According to this study cited in the Washington Post, the quality of time spent with children is more important than the quantity of time. Can you give a 3–5 stories or examples from your own life about what you do to spend quality time with your children?
Myhusband and I eat dinner with our children almost every evening. My parents ate dinner with us. My husband’s parents ate dinner with him. I think the dinner table is your most important parenting moment and many of our products are designed to be consumed around the dinner table. We do our Storyteller’s Word a Day every day! And my children’s teachers all tell me they have an amazing vocabulary!
On the weekends, we have the same routine, we go to the farmer’s market together, and then it’s a mad dash all over town to various sporting events. In the evening we cook together and usually have another family with kids over for dinner. We are a foodie family.
I involve my children in most aspects of my work life and value their feedback on the books, games and apps we publish at Mrs. Wordsmith. If my children are not excited about a new book or the characters in our new apps, I know we haven’t done our job correctly. Everyone in our company who has children takes great pride in involving their children or just thinking like a kid.
My husband and I are both entrepreneurs, and our 11 and 15 year old children are very aware of what it means to have a start-up. We are open with them about the ups and downs, in a constructive or humorous way. Our kids know all about new product launches, game development etc. It helps them to see what their Mom does as CEO and the daily issues that I’m having to resolve. They give me wonderful, heartfelt advice about issues that may seem complex but the answers are often very simple. They say the truth lies in the eyes of a child. I think it also gives them perspective on their own life and makes them realize that they can achieve anything they set their minds to with a little ingenuity and elbow grease.

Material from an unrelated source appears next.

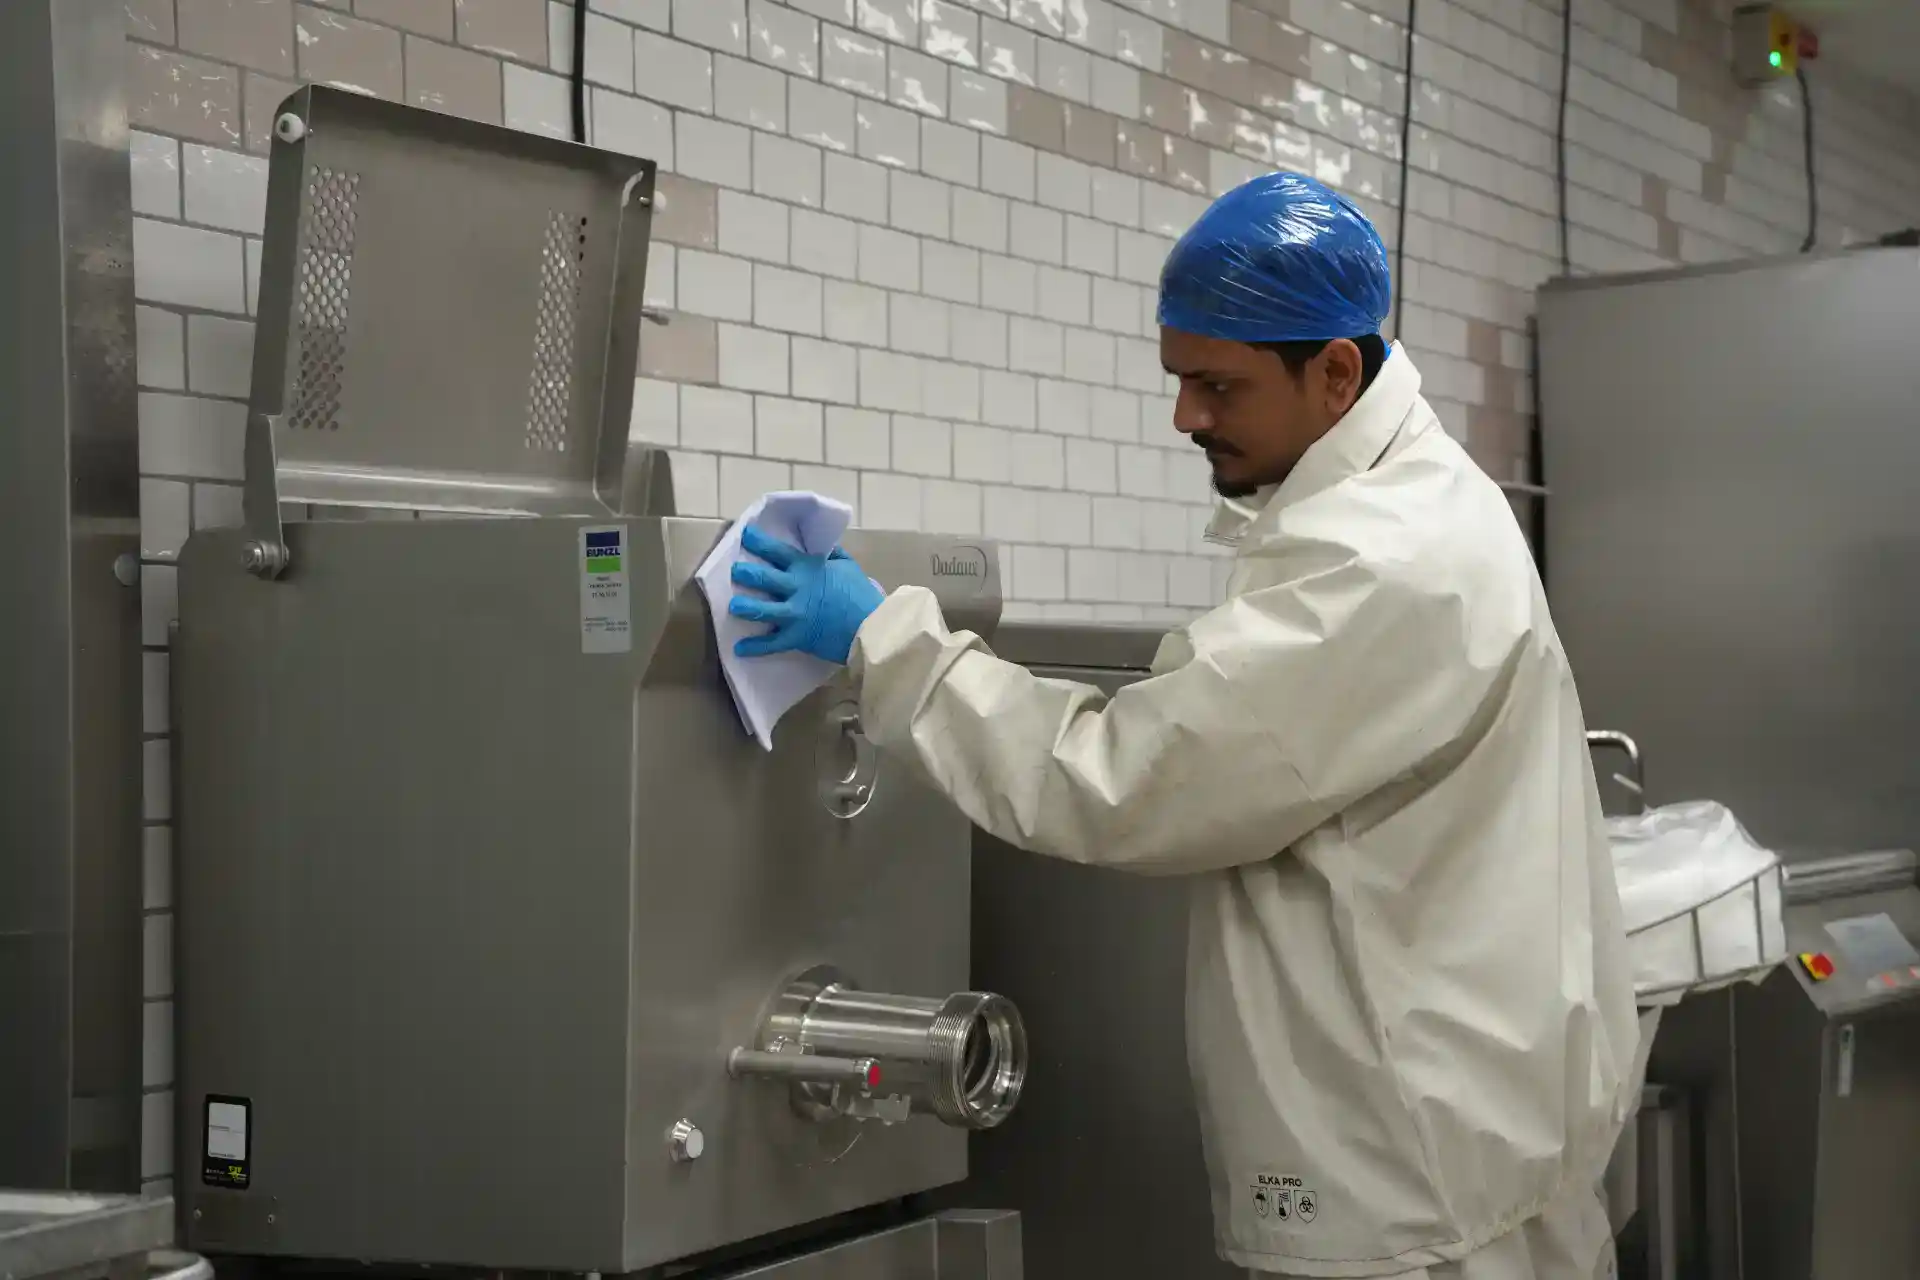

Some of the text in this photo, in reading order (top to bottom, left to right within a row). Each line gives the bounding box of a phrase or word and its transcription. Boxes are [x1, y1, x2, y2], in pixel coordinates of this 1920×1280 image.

My husband and I spend a lot of time outdoors with our children — hiking, doing sports. I can’t say enough about the importance of this. Be outside with your kids all the time. It’s one of the rules in House Rules!
We all live in a world with many deadlines and incessant demands for our time and attention. That inevitably makes us feel rushed and we may feel that we can’t spare the time to be “fully present” with our children. Can you share with our readers 5 strategies about how we can create more space in our lives in order to give our children more quality attention? Please include examples or stories for each, if you can.
Here are some of the strategies I use in order to be “fully present” with my own children.
Strategy 1:Hire well in Order to Share the Workload
I had to learn how to hire and to understand what “good looked like”. I had to look very hard to find good people. All of these things are challenging for rapidly evolving start-ups. It’s a journey and you can become very good at this with experience. Hire people you can learn from. Make sure you feel a connection to them and that you create an environment where people feel safe to disagree with you. You are going to debate a lot of issues together. And then delegate. The more you delegate, the faster you will learn how capable people are, allowing you to get out the door at the end of the day and home to your family. There is literally nothing more important than this. If you don’t hire well, you bring your problems home because you will end up doing the work of 5 people. If you do this well, you’ll walk in the door of your home with a smile on your face.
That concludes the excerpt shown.